→ **Task description**
Keep to the lines from the one with "this 1500×1000 image." through the end of the data, and write them out exactly.

Excerpted data section start

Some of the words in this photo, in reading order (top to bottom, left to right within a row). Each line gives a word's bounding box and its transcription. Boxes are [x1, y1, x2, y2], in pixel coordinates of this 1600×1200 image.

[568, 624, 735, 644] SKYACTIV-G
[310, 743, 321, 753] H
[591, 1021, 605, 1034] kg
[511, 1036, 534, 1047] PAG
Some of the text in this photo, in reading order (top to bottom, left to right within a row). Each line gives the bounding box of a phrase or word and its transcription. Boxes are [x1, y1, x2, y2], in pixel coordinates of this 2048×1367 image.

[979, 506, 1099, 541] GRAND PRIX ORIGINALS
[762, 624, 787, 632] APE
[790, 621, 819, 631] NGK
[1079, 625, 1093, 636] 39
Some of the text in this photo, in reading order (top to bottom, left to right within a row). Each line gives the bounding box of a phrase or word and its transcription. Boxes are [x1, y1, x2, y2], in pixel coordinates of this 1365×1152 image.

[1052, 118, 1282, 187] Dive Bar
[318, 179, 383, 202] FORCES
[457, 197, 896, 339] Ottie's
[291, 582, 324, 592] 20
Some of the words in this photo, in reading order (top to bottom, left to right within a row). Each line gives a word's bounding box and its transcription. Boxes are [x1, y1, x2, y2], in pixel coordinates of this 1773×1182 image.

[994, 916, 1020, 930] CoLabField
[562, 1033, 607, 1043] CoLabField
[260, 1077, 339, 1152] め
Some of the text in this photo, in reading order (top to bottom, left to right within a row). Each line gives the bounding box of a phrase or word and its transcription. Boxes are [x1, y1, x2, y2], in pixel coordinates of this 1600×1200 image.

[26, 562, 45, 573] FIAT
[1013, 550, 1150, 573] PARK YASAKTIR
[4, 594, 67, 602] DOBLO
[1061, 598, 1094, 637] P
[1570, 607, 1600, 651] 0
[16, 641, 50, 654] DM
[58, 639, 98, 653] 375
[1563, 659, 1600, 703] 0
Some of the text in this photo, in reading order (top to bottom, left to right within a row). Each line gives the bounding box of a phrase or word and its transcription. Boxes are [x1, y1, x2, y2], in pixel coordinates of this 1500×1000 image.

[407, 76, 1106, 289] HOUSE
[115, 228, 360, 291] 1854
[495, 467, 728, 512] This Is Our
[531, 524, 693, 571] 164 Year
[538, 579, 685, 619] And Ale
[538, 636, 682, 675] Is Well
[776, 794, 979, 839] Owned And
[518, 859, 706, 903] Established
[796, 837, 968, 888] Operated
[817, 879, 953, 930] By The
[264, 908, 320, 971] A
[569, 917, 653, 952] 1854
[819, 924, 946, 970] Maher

Excerpted data section end

→ **Task solution**
Some of the text in this photo, in reading order (top to bottom, left to right within a row). Each line gives the bounding box of a phrase or word and its transcription. Boxes are [x1, y1, x2, y2], in pixel coordinates of this 1500×1000 image.

[407, 76, 1106, 289] HOUSE
[115, 228, 360, 291] 1854
[495, 467, 728, 512] This Is Our
[531, 524, 693, 571] 164 Year
[538, 579, 685, 619] And Ale
[538, 636, 682, 675] Is Well
[776, 794, 979, 839] Owned And
[518, 859, 706, 903] Established
[796, 837, 968, 888] Operated
[817, 879, 953, 930] By The
[264, 908, 320, 971] A
[569, 917, 653, 952] 1854
[819, 924, 946, 970] Maher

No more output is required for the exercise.